▸ **Assignment**
A word-for-word retyping of the listing below is required, with the pictures dropped.

==================================================

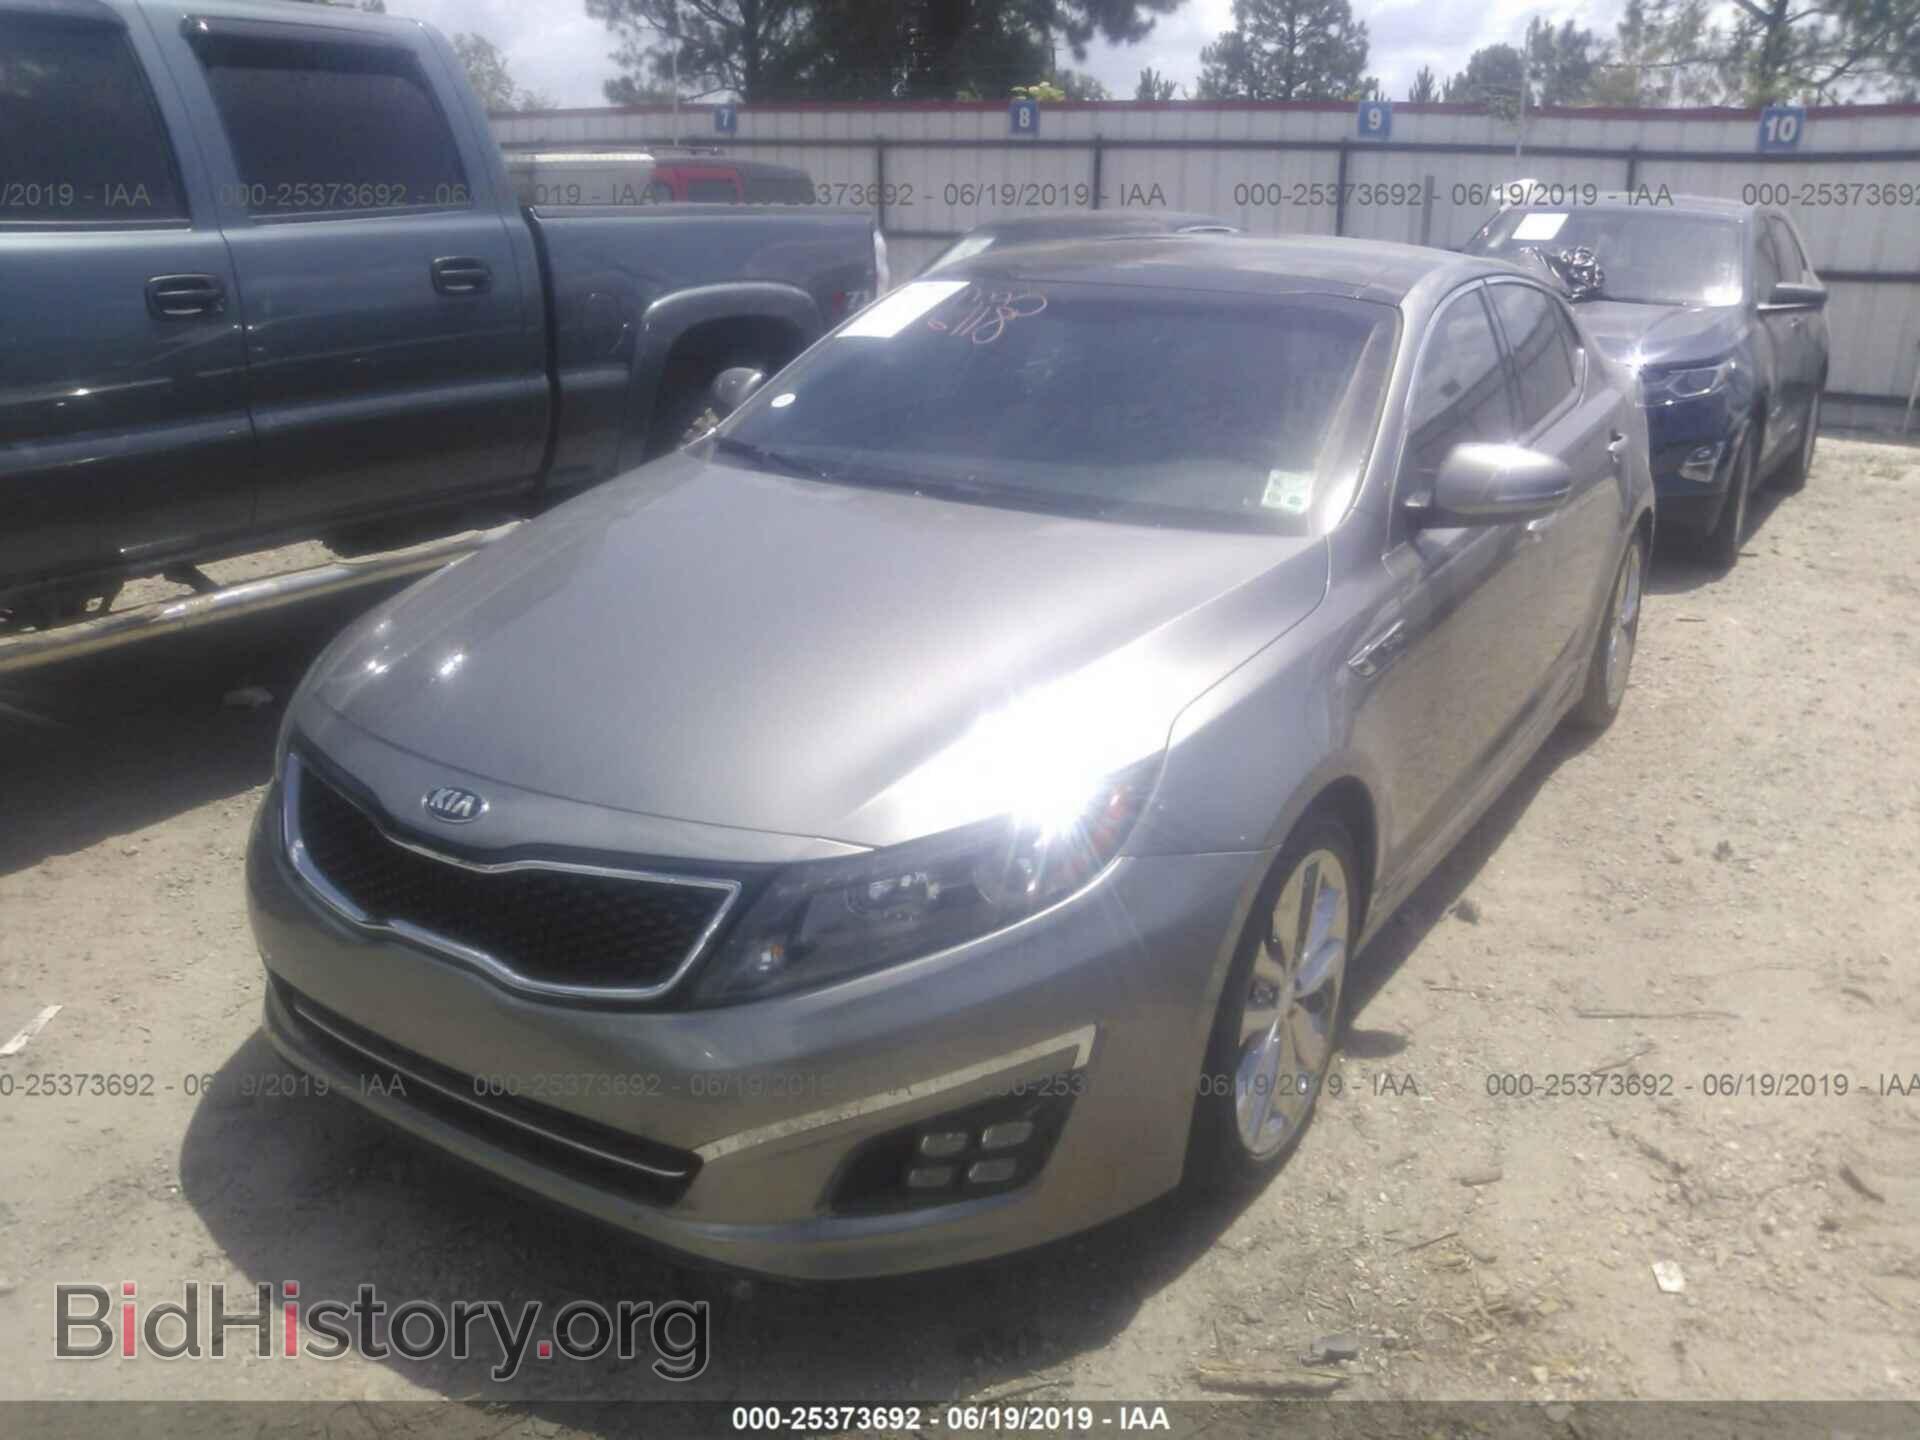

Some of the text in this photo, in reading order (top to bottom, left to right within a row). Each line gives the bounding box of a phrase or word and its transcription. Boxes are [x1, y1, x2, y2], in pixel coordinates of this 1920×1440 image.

[719, 109, 729, 127] 7
[1018, 106, 1031, 129] 8
[1367, 108, 1383, 130] 9
[1765, 115, 1797, 142] 10
[430, 788, 475, 817] KIA
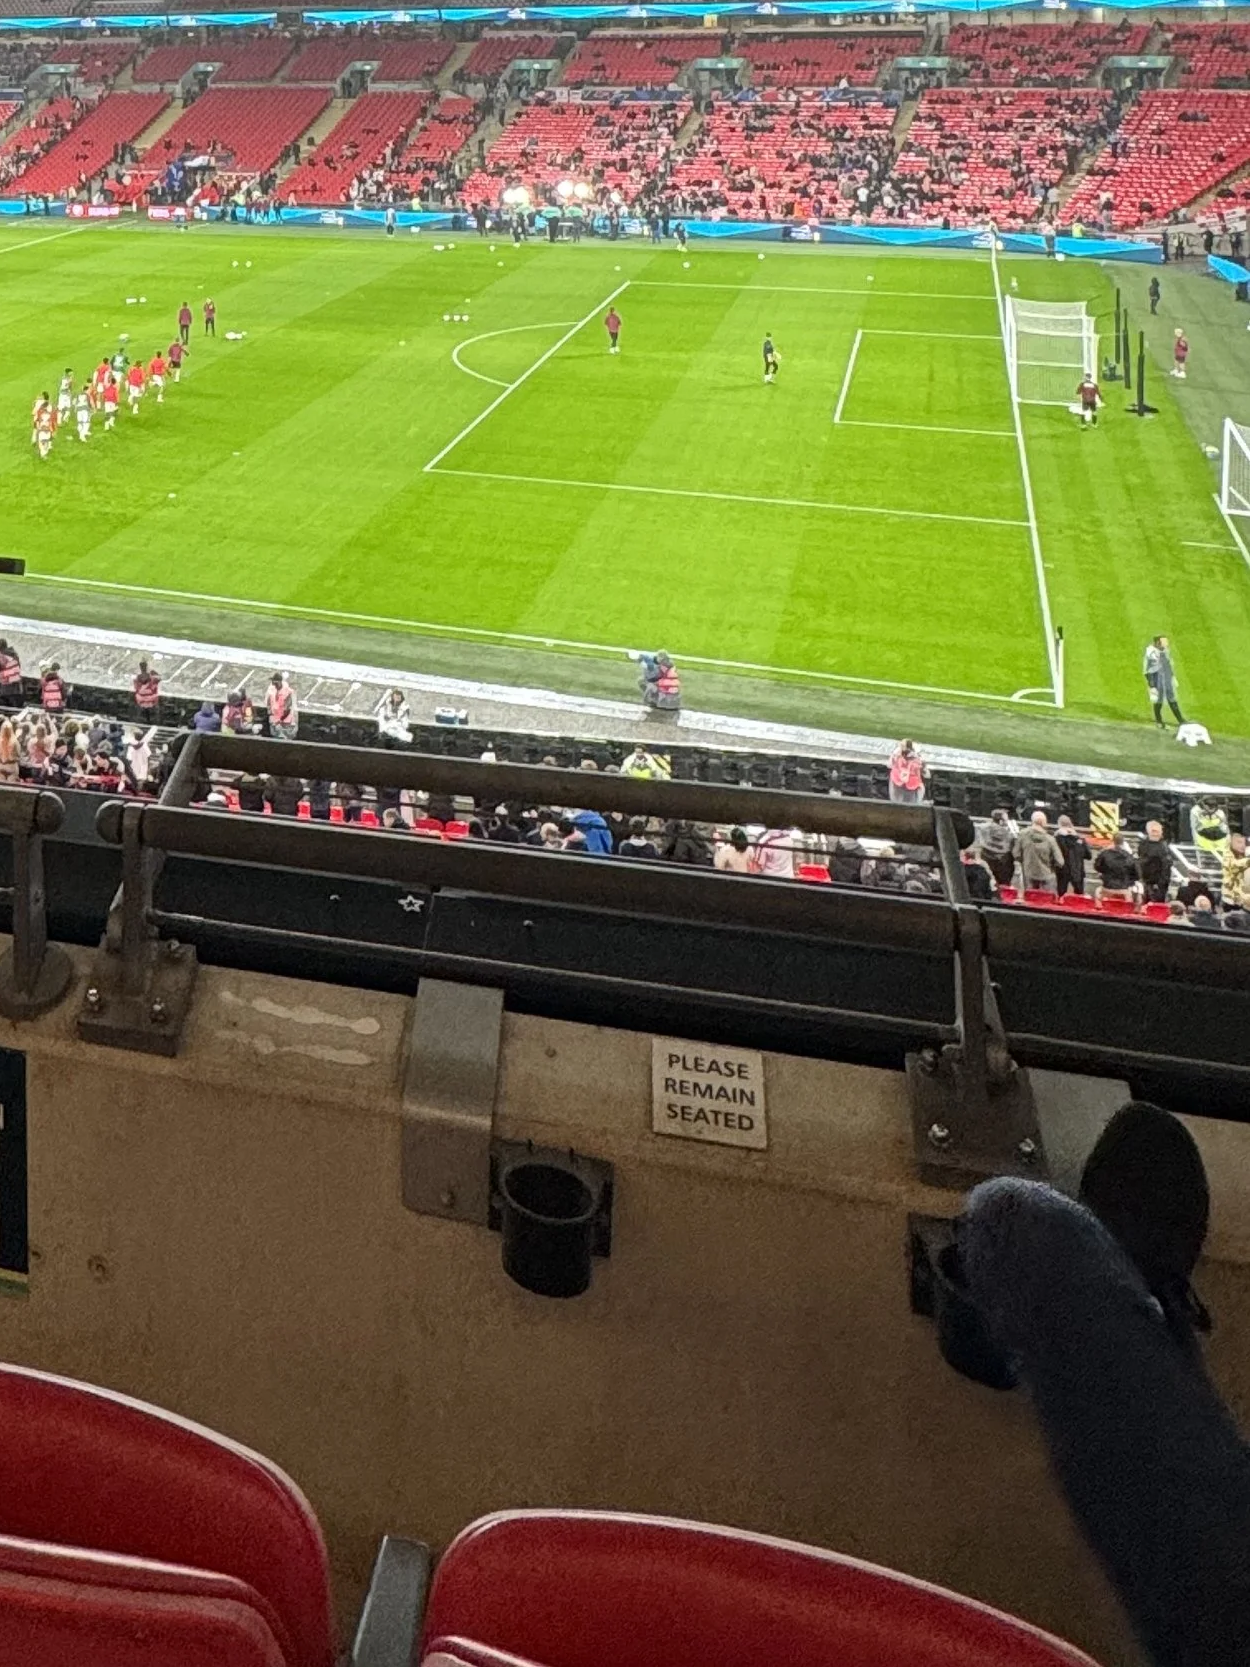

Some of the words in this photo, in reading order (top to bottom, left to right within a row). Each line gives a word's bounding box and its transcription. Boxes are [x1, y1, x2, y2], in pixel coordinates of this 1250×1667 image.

[668, 1053, 750, 1079] PLEASE
[664, 1078, 755, 1106] REMAIN
[666, 1103, 754, 1131] SEATED
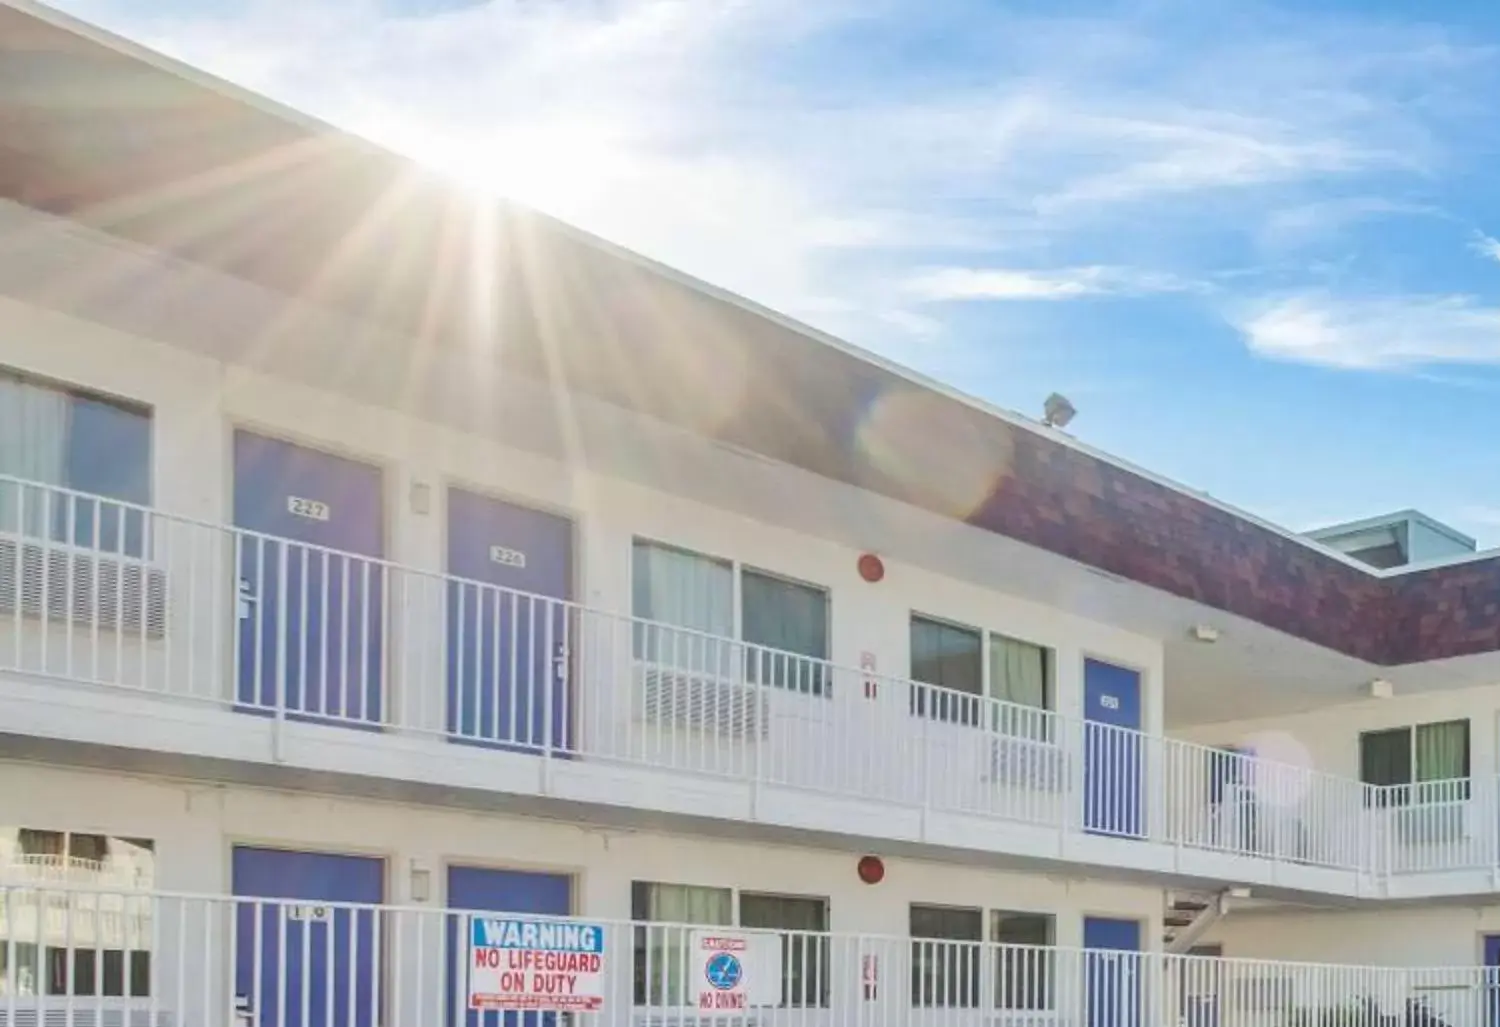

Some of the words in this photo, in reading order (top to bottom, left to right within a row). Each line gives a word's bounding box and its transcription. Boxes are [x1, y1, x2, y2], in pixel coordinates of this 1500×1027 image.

==================================================

▸ **Solution**
Some of the text in this photo, in reading order (top to bottom, left to right within a row). Each line gives the bounding box of a phrase or word and its transcription. Boxes are [x1, y1, x2, y2], in pixel coordinates of this 1920×1440 image.

[719, 109, 729, 127] 7
[1018, 106, 1031, 129] 8
[1367, 108, 1383, 130] 9
[1765, 115, 1797, 142] 10
[430, 788, 475, 817] KIA

Some of the words in this photo, in reading order (top to bottom, left to right within a row). Each line gives a word's bounding box and its transcription. Boxes are [x1, y1, x2, y2], in pixel coordinates of this 1250×1667 image.

[668, 1053, 750, 1079] PLEASE
[664, 1078, 755, 1106] REMAIN
[666, 1103, 754, 1131] SEATED

Some of the words in this photo, in reading order (top to bottom, left to right within a row). Each line gives a word's bounding box and its transcription. Boxes are [x1, y1, x2, y2], in pixel coordinates of this 1500×1027 image.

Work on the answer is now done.